Material for this exercise below:
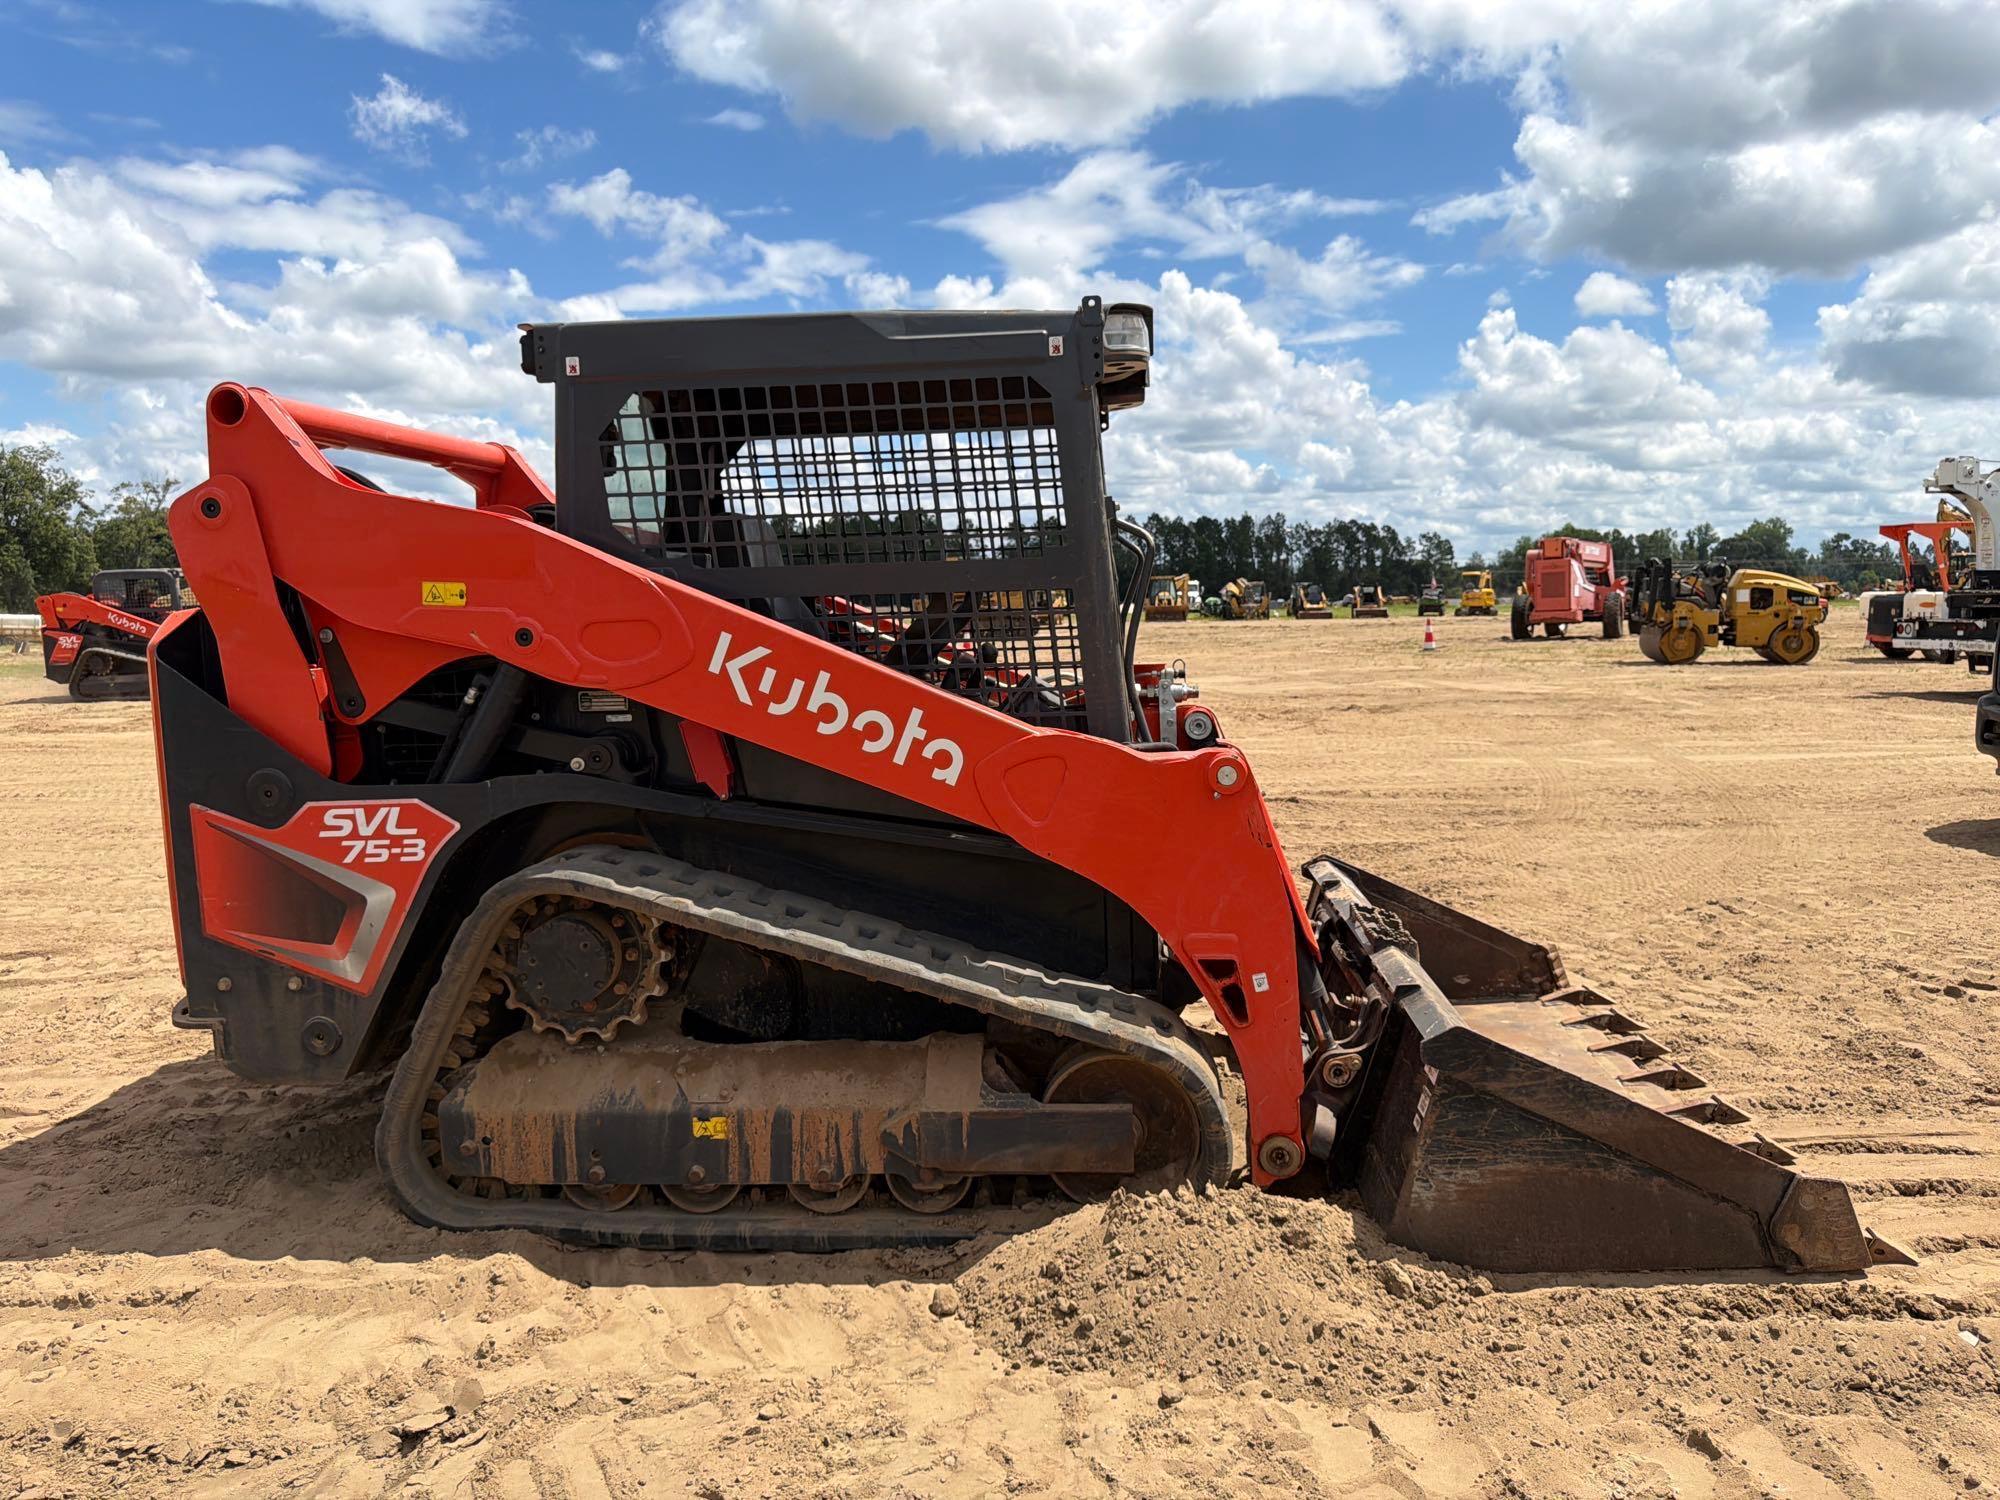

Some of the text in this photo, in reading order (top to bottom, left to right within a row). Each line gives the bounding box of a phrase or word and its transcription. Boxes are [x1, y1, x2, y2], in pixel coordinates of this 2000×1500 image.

[1803, 596, 1817, 605] CAT
[107, 612, 147, 634] Kubota
[708, 631, 964, 787] Kubota
[318, 807, 418, 838] SVL
[341, 838, 426, 864] 75-3
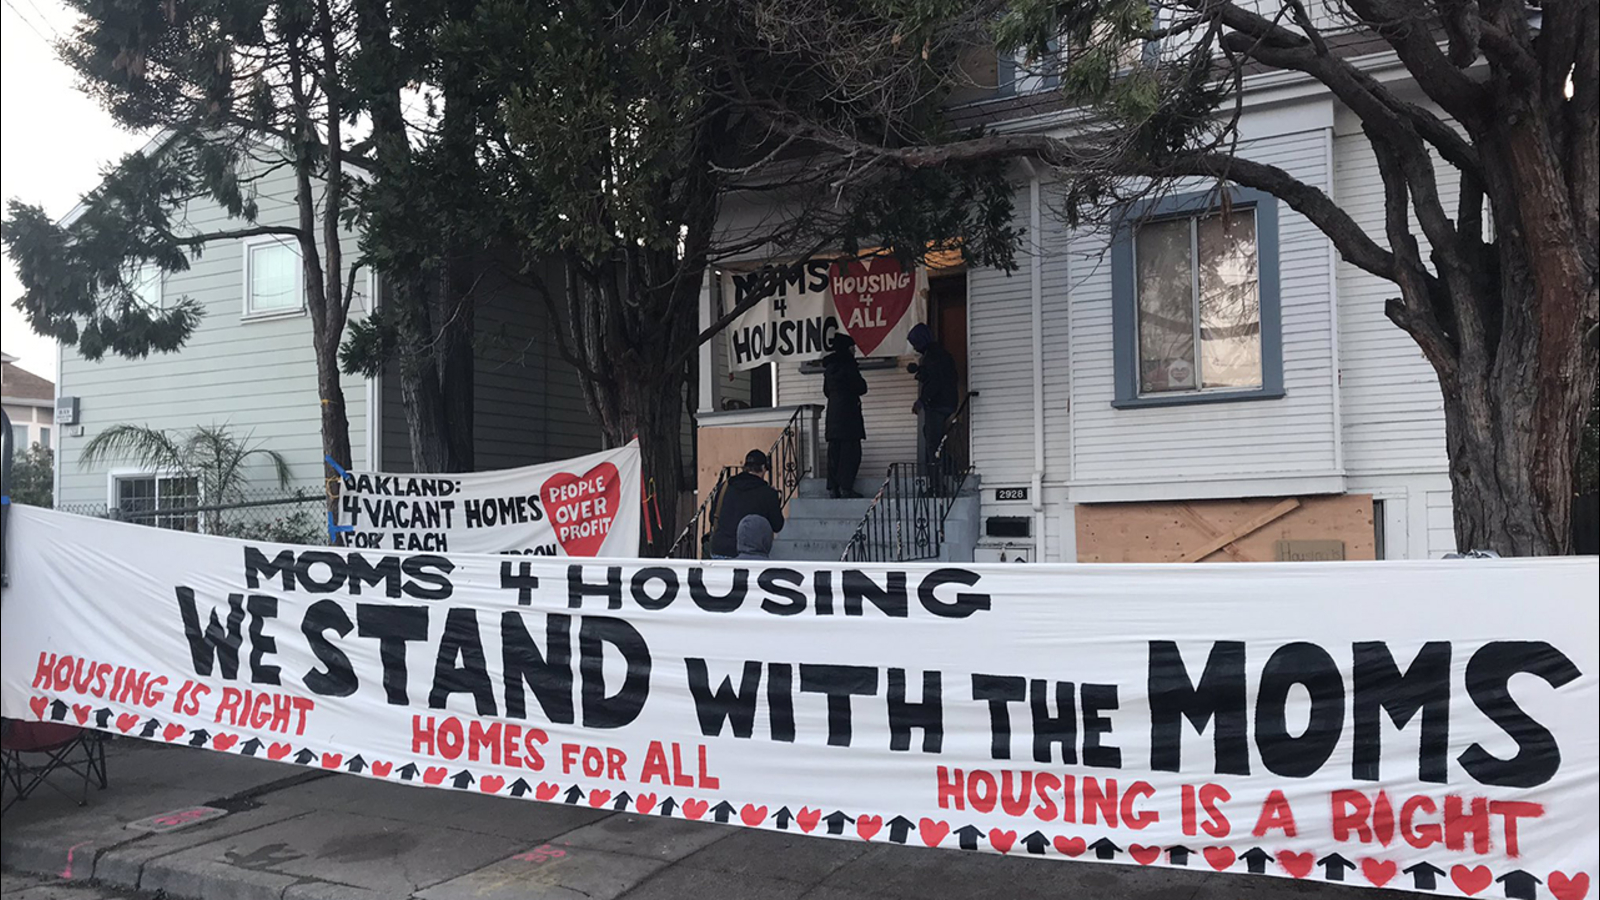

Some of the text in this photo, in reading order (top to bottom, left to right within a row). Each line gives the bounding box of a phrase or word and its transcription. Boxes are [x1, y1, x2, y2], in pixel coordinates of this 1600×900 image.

[833, 272, 910, 295] HOUSING
[773, 298, 787, 317] 4
[860, 294, 873, 306] 4
[848, 307, 887, 328] ALL
[733, 316, 838, 364] HOUSING
[342, 472, 461, 496] OAKLAND:
[549, 476, 606, 503] PEOPLE
[999, 489, 1023, 499] 2928
[343, 495, 543, 529] 4 VACANT HOMES
[556, 497, 607, 524] OVER
[344, 531, 447, 552] FOR EACH
[560, 517, 612, 542] PROFIT
[245, 546, 991, 618] MOMS 4 HOUSING
[32, 651, 314, 735] HOUSING IS RIGHT
[175, 586, 1582, 787] WE STAND WITH THE MOMS
[411, 715, 720, 789] HOMES FOR ALL
[937, 765, 1545, 858] HOUSING IS A RIGHT
End of Material for this exercise.
Problem to solve: All of the entries above are to be restated word for word, minus the images.

Answer section:
Some of the text in this photo, in reading order (top to bottom, left to right within a row). Each line gives the bounding box of a phrase or word and its transcription. Boxes are [x1, y1, x2, y2], in pixel coordinates of this 2000×1500 image.

[1803, 596, 1817, 605] CAT
[107, 612, 147, 634] Kubota
[708, 631, 964, 787] Kubota
[318, 807, 418, 838] SVL
[341, 838, 426, 864] 75-3

Some of the text in this photo, in reading order (top to bottom, left to right within a row). Each line gives the bounding box of a phrase or word and its transcription. Boxes are [x1, y1, x2, y2], in pixel coordinates of this 1600×900 image.

[833, 272, 910, 295] HOUSING
[773, 298, 787, 317] 4
[860, 294, 873, 306] 4
[848, 307, 887, 328] ALL
[733, 316, 838, 364] HOUSING
[342, 472, 461, 496] OAKLAND:
[549, 476, 606, 503] PEOPLE
[999, 489, 1023, 499] 2928
[343, 495, 543, 529] 4 VACANT HOMES
[556, 497, 607, 524] OVER
[344, 531, 447, 552] FOR EACH
[560, 517, 612, 542] PROFIT
[245, 546, 991, 618] MOMS 4 HOUSING
[32, 651, 314, 735] HOUSING IS RIGHT
[175, 586, 1582, 787] WE STAND WITH THE MOMS
[411, 715, 720, 789] HOMES FOR ALL
[937, 765, 1545, 858] HOUSING IS A RIGHT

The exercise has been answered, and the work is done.